PAR CES MOTIFS, la Cour :

CASSE ET ANNULE, mais seulement en ce qu'il liquide la créance des consorts [N] à la somme de 28 495 euros et condamne M. [O] au paiement de cette somme, l'arrêt rendu le 23 novembre 2021, entre les parties, par la cour d'appel de Pau ;

Remet, sur ces points, l'affaire et les parties dans l'état où elles se trouvaient avant cet arrêt et les renvoie devant la cour d'appel de Bordeaux ;

Condamne MM. [M], [J], [F], [W] et [A] [N], Mmes [D] et [C] [N], Mmes [I] et [H] [Y] et M. [E] [Y] aux dépens ;

En application de l'article 700 du code de procédure civile, rejette les demandes.

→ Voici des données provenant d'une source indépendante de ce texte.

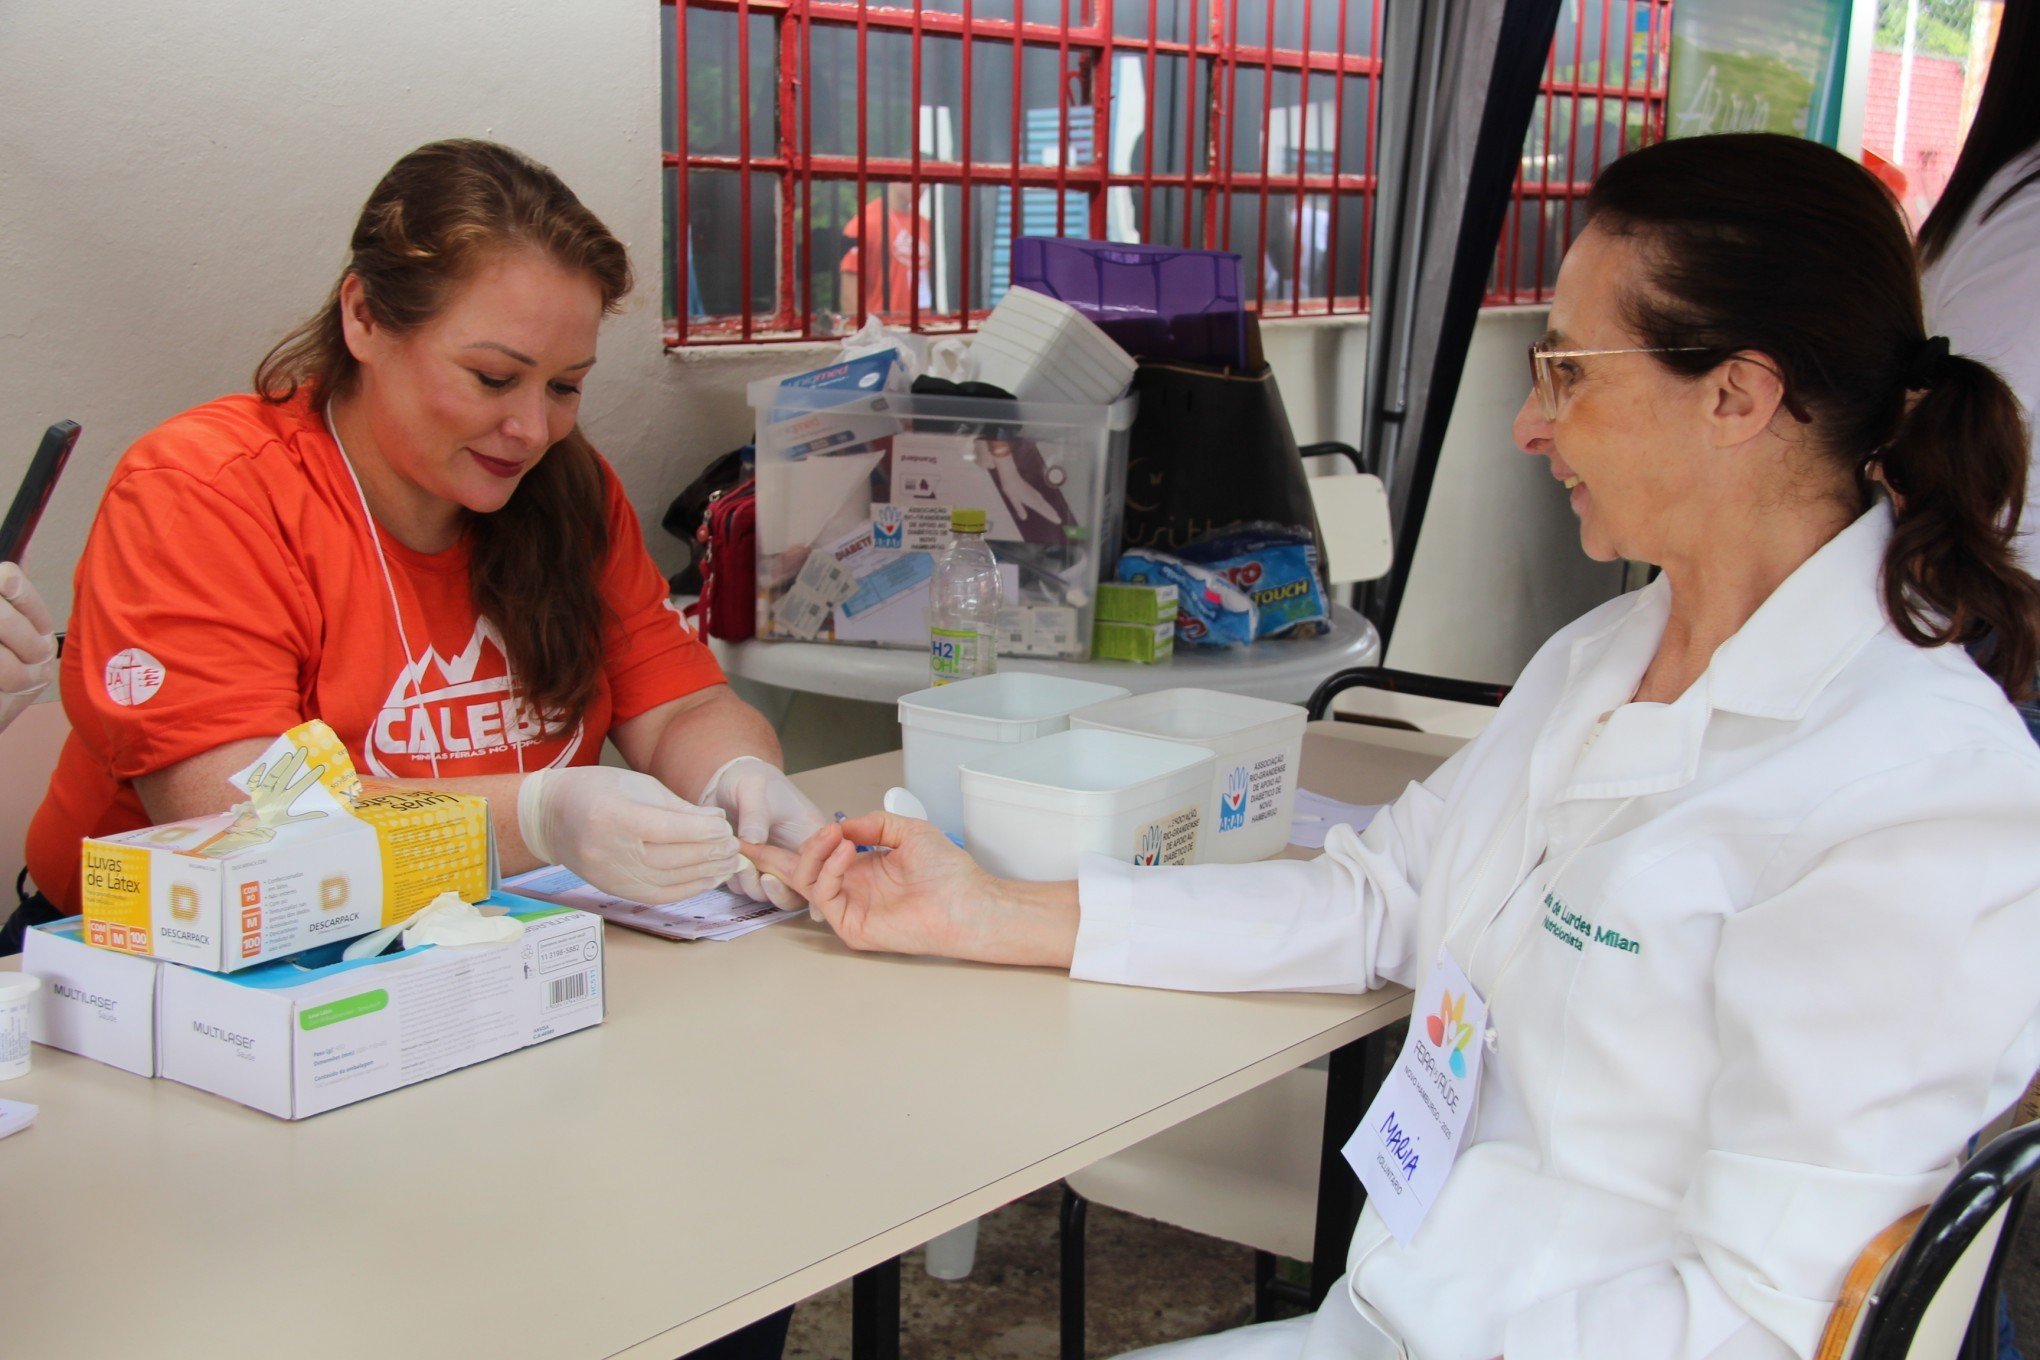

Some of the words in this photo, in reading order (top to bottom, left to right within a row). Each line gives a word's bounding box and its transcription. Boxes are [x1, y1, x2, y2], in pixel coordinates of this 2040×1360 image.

[932, 641, 953, 659] H2
[489, 744, 508, 754] NO
[390, 794, 460, 812] Luvas
[1219, 813, 1244, 833] ARAD
[87, 851, 122, 872] Luvas
[87, 869, 103, 887] de
[107, 873, 140, 894] Látex
[246, 917, 258, 928] M
[309, 912, 360, 932] DESCARPACK
[1552, 899, 1561, 916] de
[1561, 905, 1591, 936] Lurdes
[113, 933, 125, 945] M
[130, 931, 147, 945] 100
[161, 927, 210, 945] DESCARPACK
[243, 937, 260, 949] 100
[1404, 1065, 1418, 1086] NOVO
[1416, 1082, 1440, 1121] HAMBURGO

Dit que sur les diligences du procureur général près la Cour de cassation, le présent arrêt sera transmis pour être transcrit en marge ou à la suite de l'arrêt partiellement cassé ;

Ainsi fait et jugé par la Cour de cassation, troisième chambre civile, et prononcé par le président en son audience publique du quatorze septembre deux mille vingt-trois.